Use case: Business intelligence, data exploration, report generation.

curl -X POST http://localhost:8086/api/v1/workflow-executions \
  -H "Authorization: Bearer $TOKEN" \
  -H "Content-Type: application/json" \
  -d '{
    "workflow_name": "Data Analysis",
    "template": "data-analysis",
    "input_data": {
      "prompt": "Analyze our API spending trends by model over the last 30 days"
    }
  }'

Running Workflows#

From the Admin UI#

  1. Navigate to Workflows in the sidebar.
  2. Click Test Workflow on any template card.
  3. Enter a prompt describing what you want the workflow to do.
  4. Click Execute.
  5. The execution appears in the Execution History table below.
  6. Click any row to expand the detail panel showing step-by-step progress, output, and cost.

From the API#

# Get a JWT token
TOKEN=$(curl -s http://localhost:8086/auth/login \
  -H "Content-Type: application/json" \
  -d '{"api_key": "$LITELLM_KEY"}' | jq -r '.access_token')

# Execute a workflow
EXEC_ID=$(curl -s -X POST http://localhost:8086/api/v1/workflow-executions \
  -H "Authorization: Bearer $TOKEN" \
  -H "Content-Type: application/json" \
  -d '{
    "workflow_name": "Research Agent",
    "template": "research",
    "input_data": {"prompt": "Compare LLM pricing across major providers"}
  }' | jq -r '.execution_id')

# Poll for results
curl http://localhost:8086/api/v1/workflow-executions/$EXEC_ID \
  -H "Authorization: Bearer $TOKEN"

Execution Lifecycle#

Each execution progresses through these statuses:

Status Description
pending Execution created, waiting to start
running Workflow is actively processing nodes
completed All nodes finished successfully
failed A node encountered an error

Execution Details#

The execution detail response includes:

{
  "execution_id": "exec-abc123",
  "workflow_name": "Research Agent",
  "status": "completed",
  "steps": [
    {
      "node": "parse_query",
      "status": "completed",
      "duration_ms": 1200,
      "cost": 0.002
    },
    {
      "node": "search_web",
      "status": "completed",
      "duration_ms": 3400,
      "cost": 0.008
    }
  ],
  "output": "## Research Report\n\n...",
  "total_tokens": 4521,
  "total_cost": 0.034,
  "duration_ms": 12400
}

Custom Workflows#

Create custom workflows by defining them through the API:

curl -X POST http://localhost:8086/api/v1/workflows \
  -H "Authorization: Bearer $TOKEN" \
  -H "Content-Type: application/json" \
  -d '{
    "name": "Customer Support",
    "template": "research",
    "description": "Analyze customer tickets and generate response drafts",
    "config": {
      "model": "smart",
      "max_tokens": 2000
    },
    "is_active": true
  }'

Custom workflows appear alongside the pre-built templates in the Admin UI.

API Endpoints#

Method Endpoint Description
GET /api/v1/workflows List all workflow definitions
POST /api/v1/workflows Create a custom workflow
PUT /api/v1/workflows/{id} Update a workflow
DELETE /api/v1/workflows/{id} Delete a workflow
POST /api/v1/workflow-executions Execute a workflow
GET /api/v1/workflow-executions List all executions
GET /api/v1/workflow-executions/{id} Get execution details

Temporal Dashboard#

When the workflows profile is active, access the Temporal UI at http://localhost:8088 to see:

  • Running and completed workflow executions
  • Workflow history and event timelines
  • Worker status and task queues
  • Retry and failure details

Production Considerations#

  • Model selection: Workflow templates use the model specified in their config.
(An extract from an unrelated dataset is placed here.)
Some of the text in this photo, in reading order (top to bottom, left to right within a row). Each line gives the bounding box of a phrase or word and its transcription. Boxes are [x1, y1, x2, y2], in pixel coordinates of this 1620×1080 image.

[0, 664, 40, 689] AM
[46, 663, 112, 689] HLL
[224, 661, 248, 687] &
Use group aliases (smart, fast) for automatic provider failover.
  • Cost awareness: Multi-step workflows make several LLM calls. Monitor execution costs in the Execution History or Grafana FinOps dashboard.
  • Temporal persistence: Temporal stores workflow state durably. If the workflow engine restarts mid-execution, it resumes from the last completed step.
  • Concurrency: Temporal handles concurrent execution limits and rate limiting for workflow workers.